How Tripadvisor Runs Applied Machine Learning on Atlas Search

Tripadvisor, a consumer discretionary organization in the United States, uses Atlas Search from MongoDB to support applied machine learning for data scientists and ML engineers.

Value results

CategoryValue result
CapabilityNamed workflow replaces ad hoc routing for feature pipelines
CapabilityApplied machine learning stays visible to adjacent teams through Atlas Search
CapabilityData scientists and ML engineers work from the same Atlas Search record for feature pipelines

Story

Tripadvisor is based in the United States and runs consumer discretionary operations at a scale where feature pipelines cannot live in side channels. Data scientists and ML engineers were reconciling competing copies of the same work, which slowed applied machine learning and hid who owned the next step.

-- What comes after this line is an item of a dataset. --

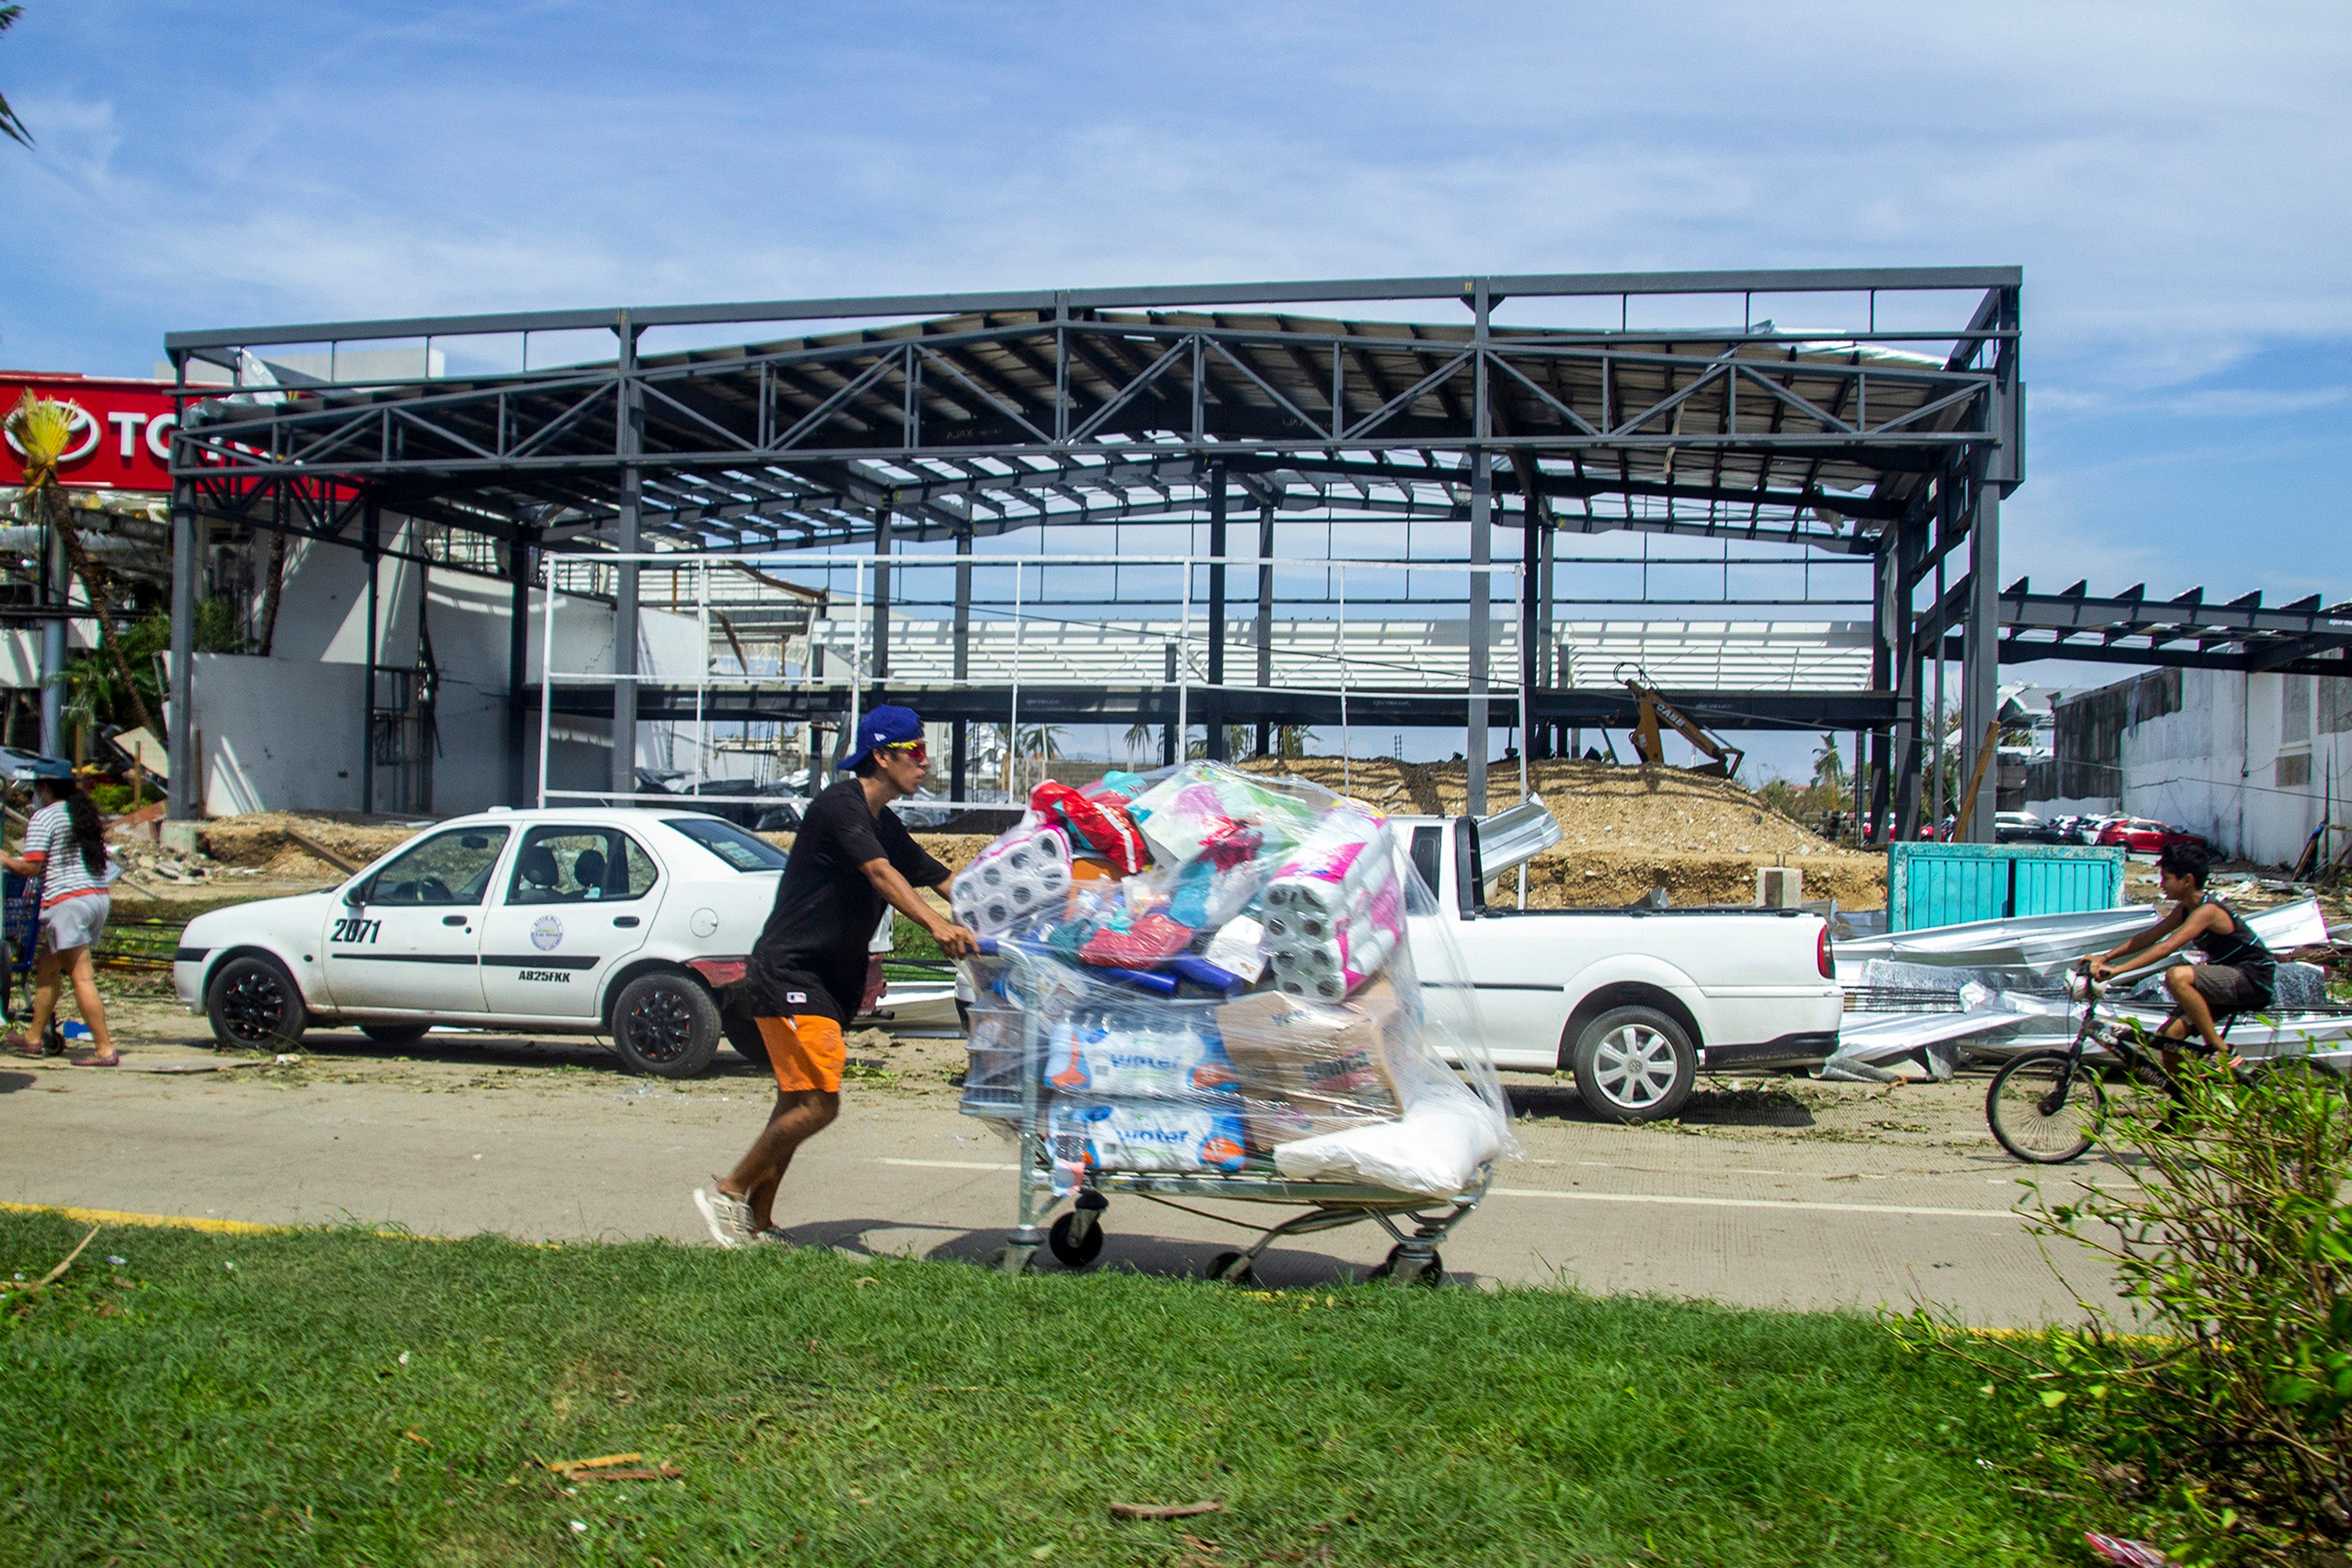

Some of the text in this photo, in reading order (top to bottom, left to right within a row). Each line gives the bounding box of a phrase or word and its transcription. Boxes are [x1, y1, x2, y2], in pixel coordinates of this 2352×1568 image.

[1657, 704, 1686, 728] CASE
[330, 919, 382, 943] 2071
[518, 971, 571, 983] A825FKK
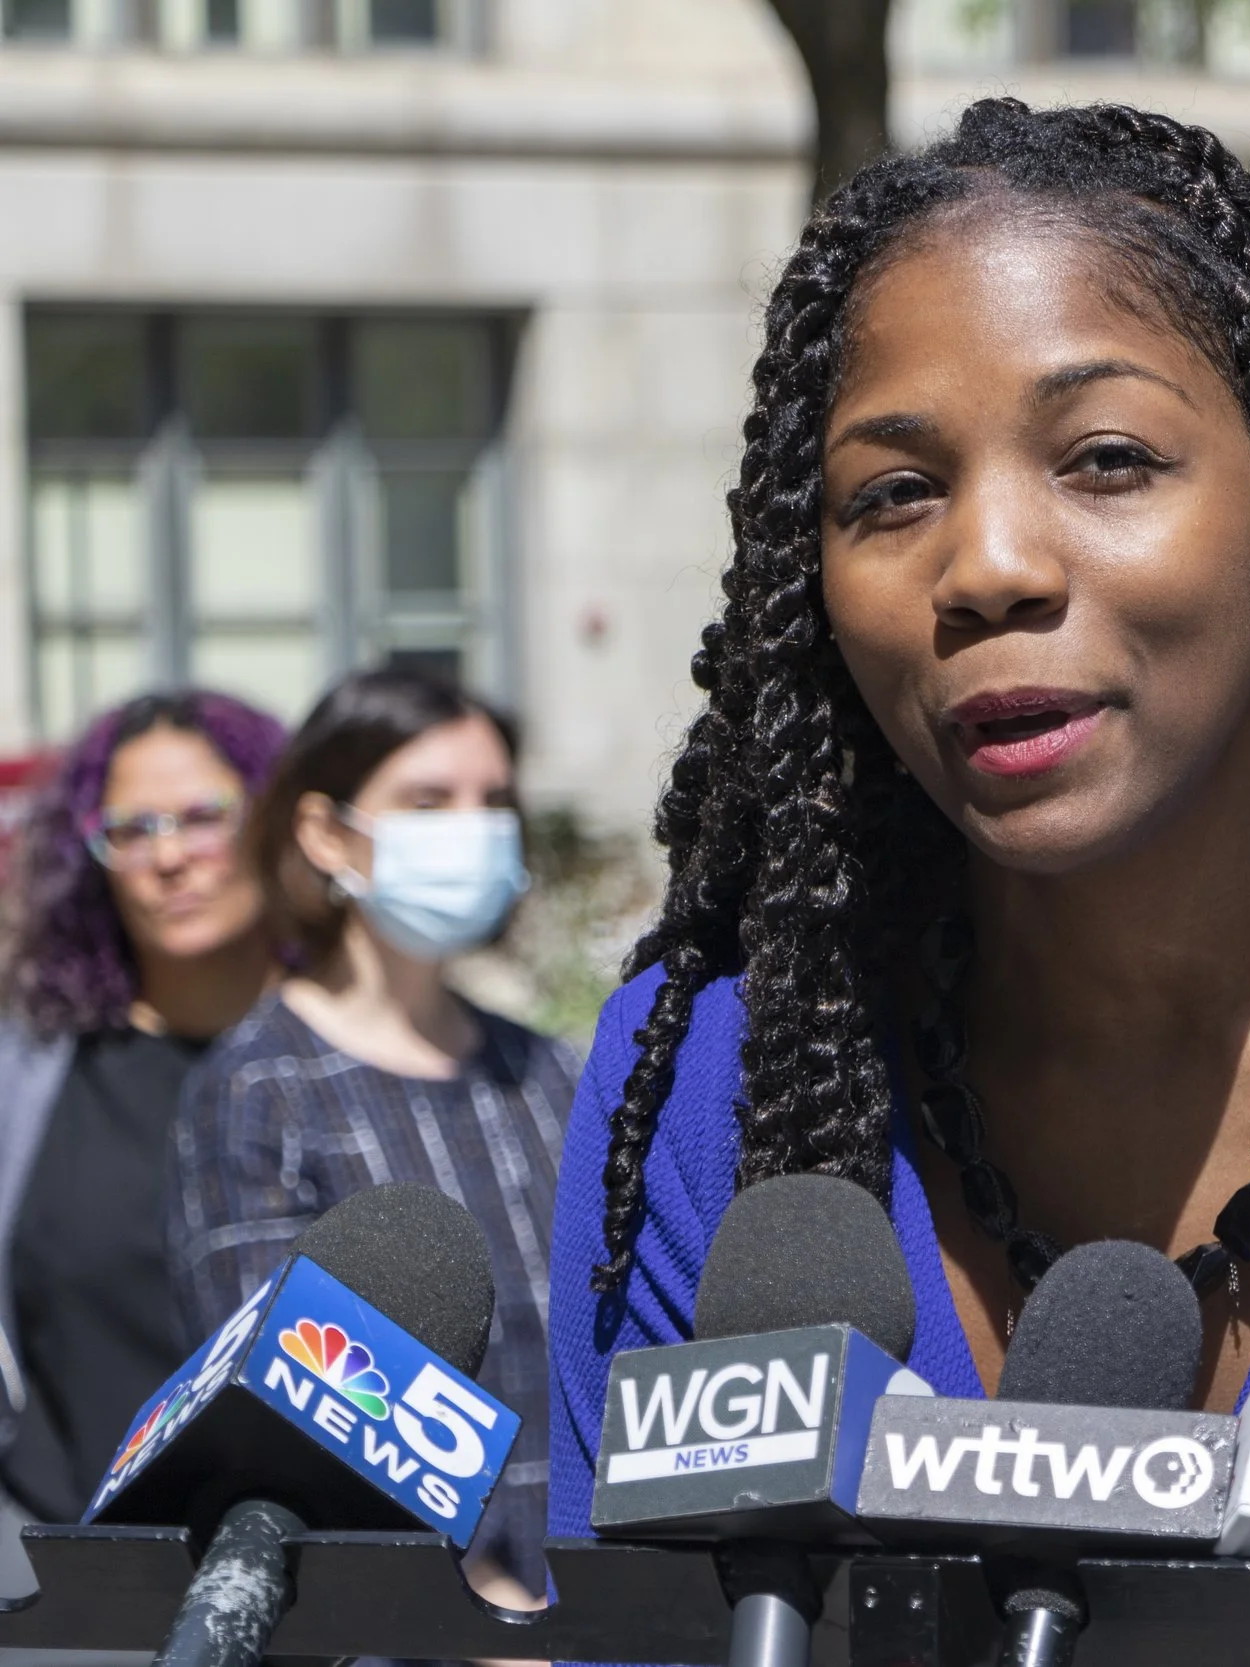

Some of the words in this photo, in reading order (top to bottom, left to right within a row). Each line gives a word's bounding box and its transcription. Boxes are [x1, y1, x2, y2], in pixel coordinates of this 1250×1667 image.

The company runs applied machine learning on MongoDB, with Atlas Search as the product data scientists and ML engineers actually open. MongoDB provides a developer data platform, with Atlas as the managed service for document, search, and vector workloads. For Tripadvisor, that means data scientists and ML engineers can open one workflow, see feature pipelines, and let neighboring teams join without inventing a parallel stack.

Public materials confirm the companies and products. They do not always publish a single verified KPI for this pairing, so the outcome here is operational: clearer ownership, fewer stalled handoffs, and a shared record for feature pipelines.

Relationship map

Tripadvisor uses MongoDB, Cisco, Qlik, Siemens Digital Industries Software, Microsoft Azure, Pega, GitLab, OpenText, PagerDuty, Stripe, SAS. Shared with 8x8, Abbott Laboratories, Amgen, Apollo, ArcelorMittal. Industry: Consumer Discretionary. Value: Capability. Drag nodes, filter types, or expand a node to follow more commonalities.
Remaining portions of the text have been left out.